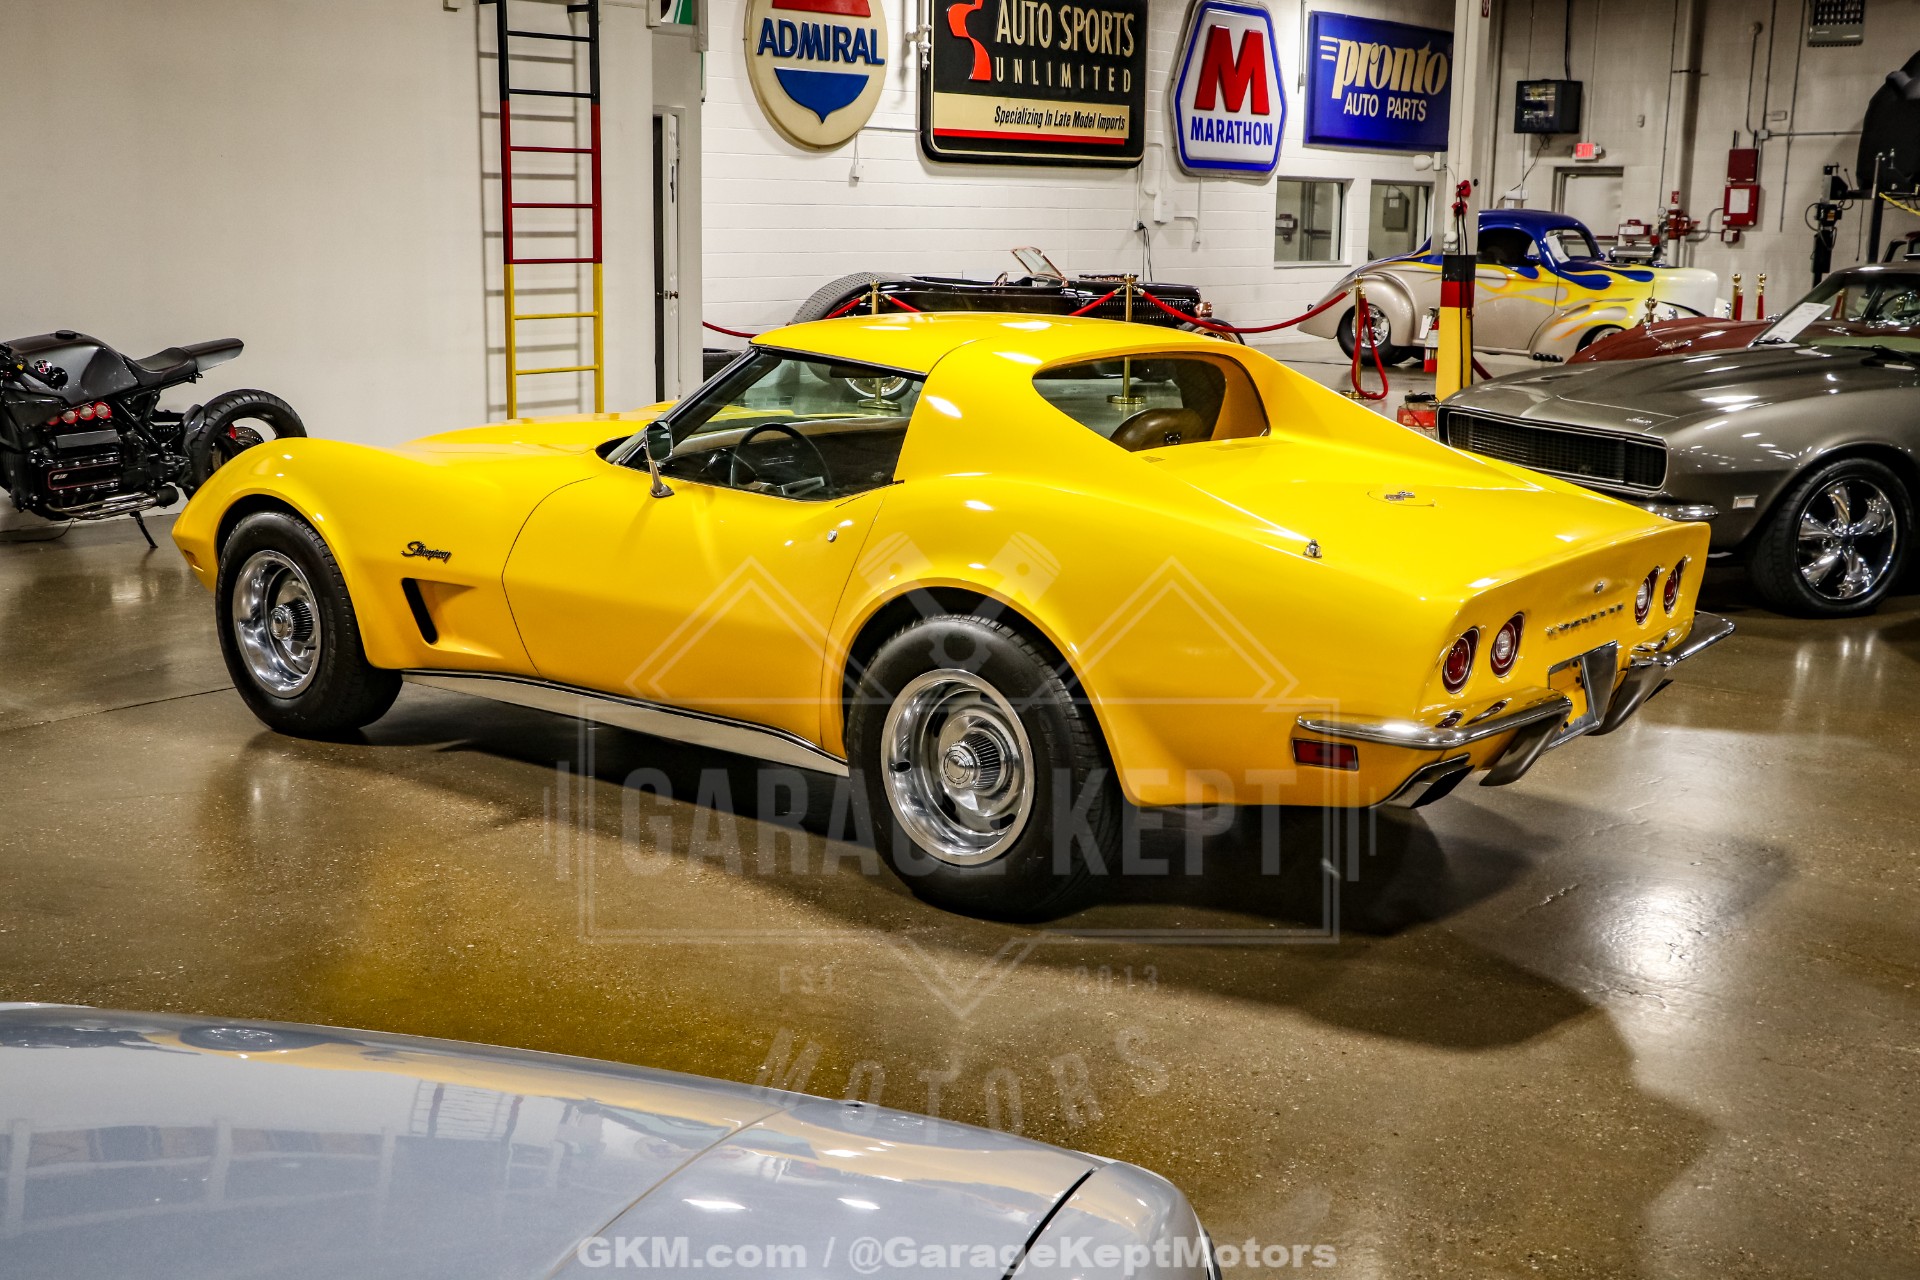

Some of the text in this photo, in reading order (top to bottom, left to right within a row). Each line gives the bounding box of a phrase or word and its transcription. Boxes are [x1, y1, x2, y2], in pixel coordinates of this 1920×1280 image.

[757, 17, 885, 65] ADMIRAL
[996, 0, 1135, 57] AUTO SPORTS
[995, 56, 1131, 93] UNLIMITED
[1194, 24, 1270, 115] M
[1331, 37, 1449, 99] pronto
[994, 105, 1126, 132] Specializing In Late Model Imports
[1343, 92, 1427, 122] AUTO PARTS
[1190, 116, 1273, 146] MARATHON
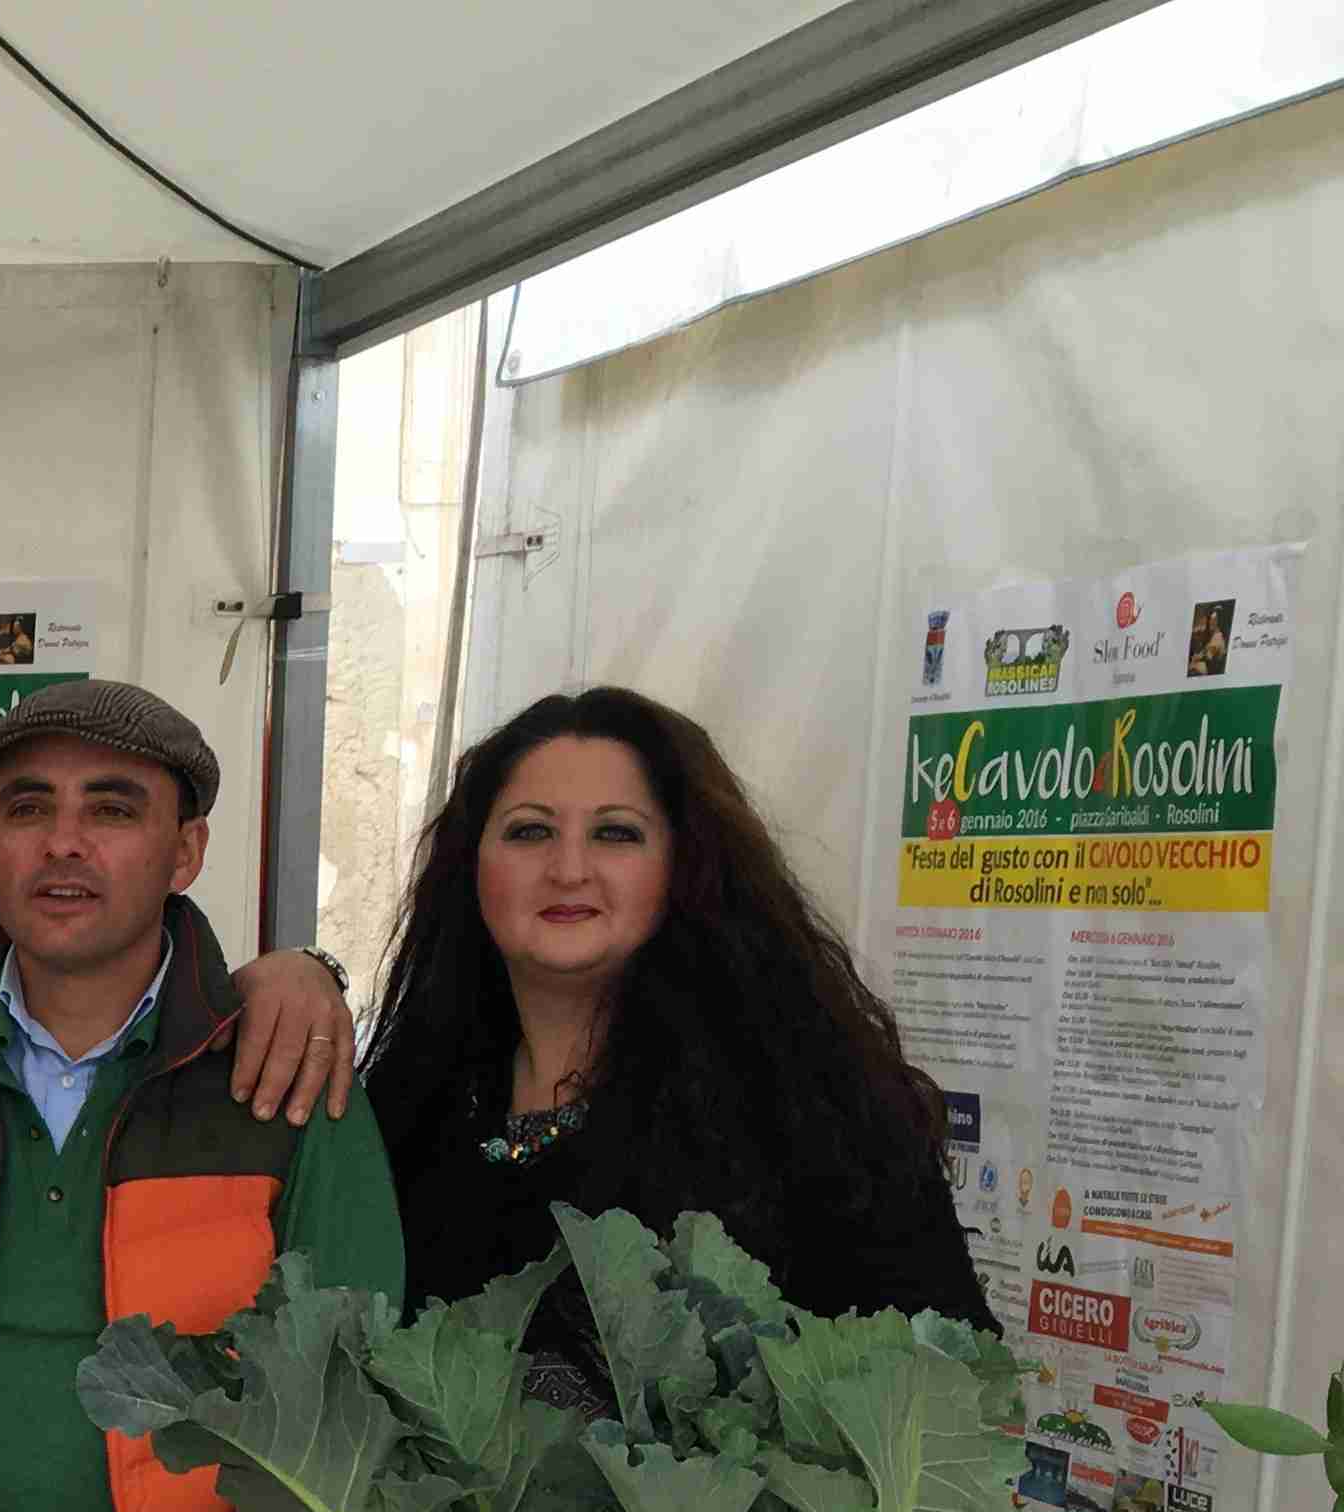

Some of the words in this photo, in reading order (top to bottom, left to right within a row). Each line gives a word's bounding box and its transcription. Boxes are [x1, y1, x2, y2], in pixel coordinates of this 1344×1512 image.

[930, 809, 938, 831] 5
[947, 809, 957, 831] 6
[960, 811, 1013, 834] gennaio
[1016, 808, 1048, 829] 2016
[1167, 801, 1220, 825] Rosolini
[950, 843, 974, 870] del
[981, 846, 1031, 875] gusto
[1033, 848, 1069, 870] con
[1074, 842, 1086, 869] il
[1155, 837, 1262, 869] VECCHIO
[970, 877, 990, 903] di
[994, 877, 1065, 904] Rosolini
[1068, 884, 1081, 904] e
[1039, 1287, 1115, 1327] CICERO
[1039, 1315, 1113, 1345] GIOIELLI

● WHAT YOU WILL DO
Repeat the material above in full and exactly, apart from the pictures.

● THE ANSWER
Some of the text in this photo, in reading order (top to bottom, left to right within a row). Each line gives the bounding box of a phrase or word and its transcription. Boxes are [x1, y1, x2, y2], in pixel coordinates of this 1920×1280 image.

[757, 17, 885, 65] ADMIRAL
[996, 0, 1135, 57] AUTO SPORTS
[995, 56, 1131, 93] UNLIMITED
[1194, 24, 1270, 115] M
[1331, 37, 1449, 99] pronto
[994, 105, 1126, 132] Specializing In Late Model Imports
[1343, 92, 1427, 122] AUTO PARTS
[1190, 116, 1273, 146] MARATHON

Some of the words in this photo, in reading order (top to bottom, left to right within a row). Each line gives a word's bounding box and its transcription. Boxes are [x1, y1, x2, y2], in pixel coordinates of this 1344×1512 image.

[930, 809, 938, 831] 5
[947, 809, 957, 831] 6
[960, 811, 1013, 834] gennaio
[1016, 808, 1048, 829] 2016
[1167, 801, 1220, 825] Rosolini
[950, 843, 974, 870] del
[981, 846, 1031, 875] gusto
[1033, 848, 1069, 870] con
[1074, 842, 1086, 869] il
[1155, 837, 1262, 869] VECCHIO
[970, 877, 990, 903] di
[994, 877, 1065, 904] Rosolini
[1068, 884, 1081, 904] e
[1039, 1287, 1115, 1327] CICERO
[1039, 1315, 1113, 1345] GIOIELLI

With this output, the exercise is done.